■ **EXERCISE**: If any record holds an image, omit the image and print the rest exactly.

■ **Collected data**:
——
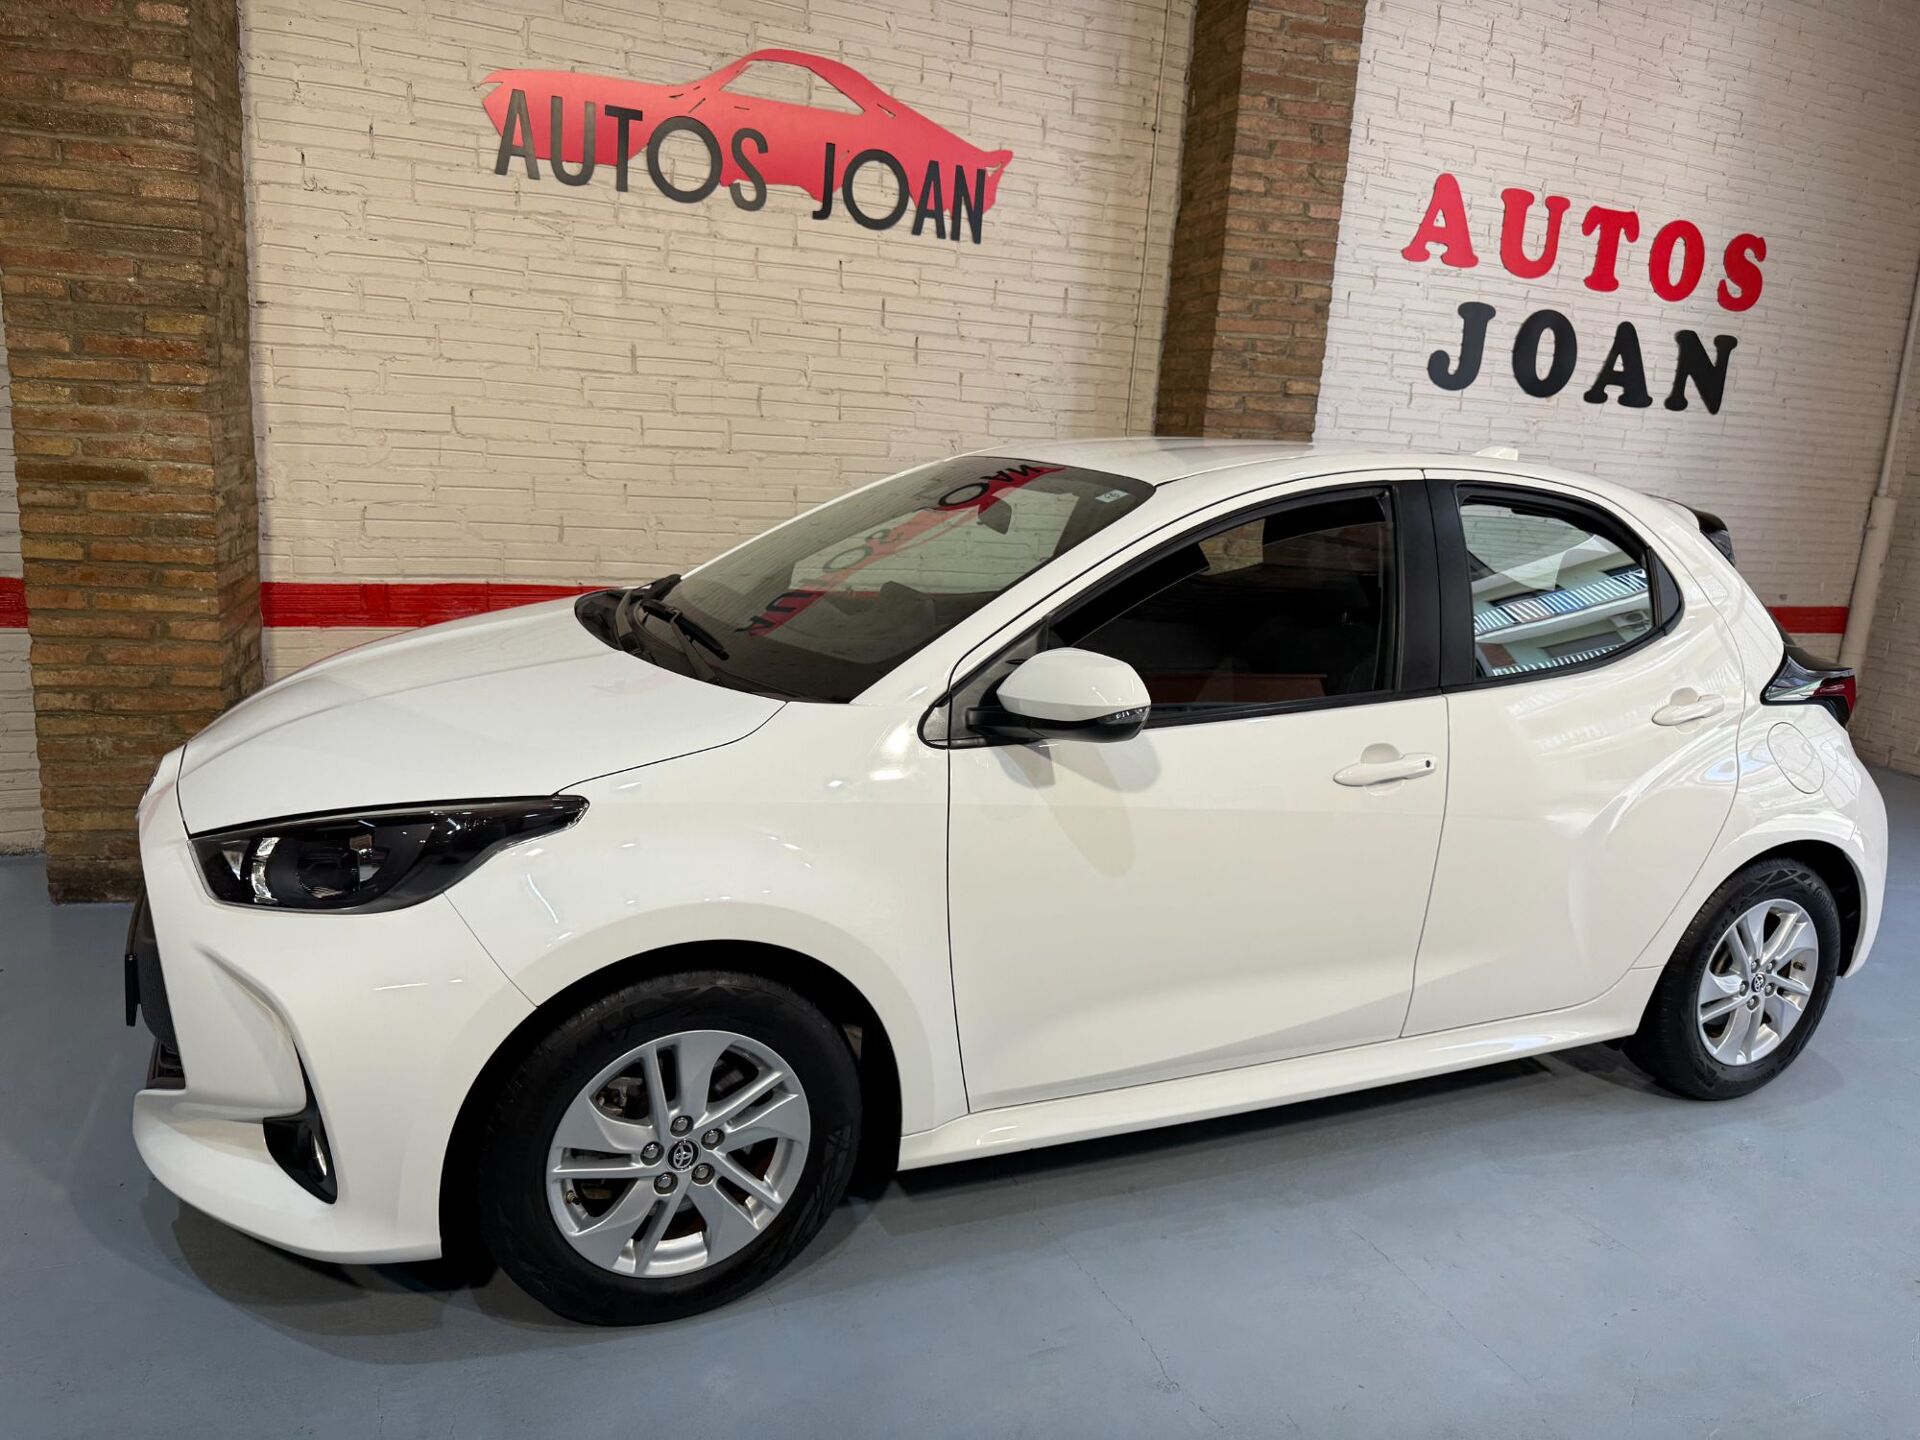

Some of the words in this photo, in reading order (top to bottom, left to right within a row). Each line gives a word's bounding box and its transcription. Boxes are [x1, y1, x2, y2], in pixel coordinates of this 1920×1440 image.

[495, 89, 768, 211] AUTOS
[812, 143, 986, 244] JOAN
[1401, 173, 1766, 312] AUTOS
[1427, 302, 1738, 415] JOAN
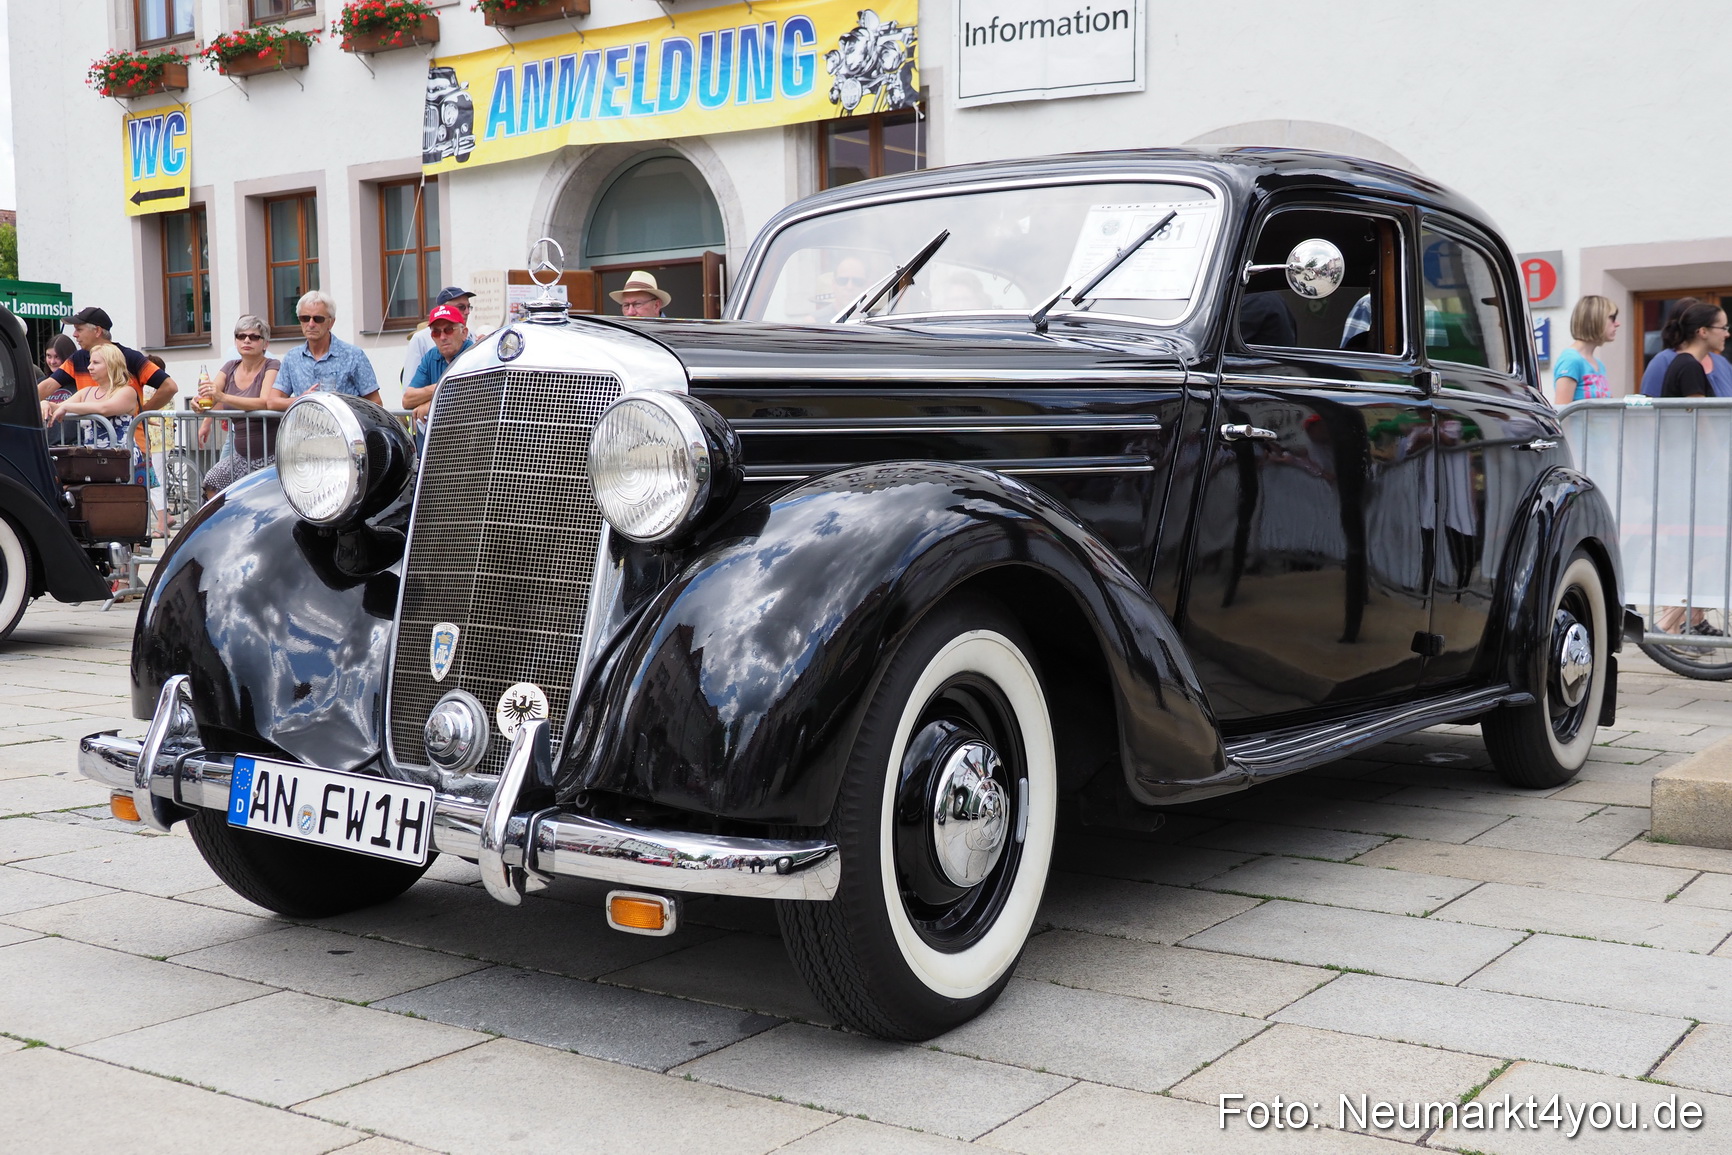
——
■ **RESULT OF THE EXERCISE**:
Some of the words in this photo, in reading order (top to bottom, left to right within a row). Each line gives a word's bounding box and its transcription. Boxes are [x1, y1, x2, y2], in pixel coordinates of this 1920×1440 image.

[495, 89, 768, 211] AUTOS
[812, 143, 986, 244] JOAN
[1401, 173, 1766, 312] AUTOS
[1427, 302, 1738, 415] JOAN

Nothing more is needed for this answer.